-- Data records follows --

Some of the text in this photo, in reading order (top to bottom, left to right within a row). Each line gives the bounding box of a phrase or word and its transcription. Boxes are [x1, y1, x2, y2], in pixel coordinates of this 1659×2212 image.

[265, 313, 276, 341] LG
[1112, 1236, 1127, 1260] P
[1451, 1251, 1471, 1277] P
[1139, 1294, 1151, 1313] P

-- Data records concluded --

▶ _Problem details_: Go through the records above and retype each one exactly.

▶ _Exercise response_:
Some of the text in this photo, in reading order (top to bottom, left to right within a row). Each line gives the bounding box of a phrase or word and its transcription. Boxes are [x1, y1, x2, y2], in pixel coordinates of this 1659×2212 image.

[265, 313, 276, 341] LG
[1112, 1236, 1127, 1260] P
[1451, 1251, 1471, 1277] P
[1139, 1294, 1151, 1313] P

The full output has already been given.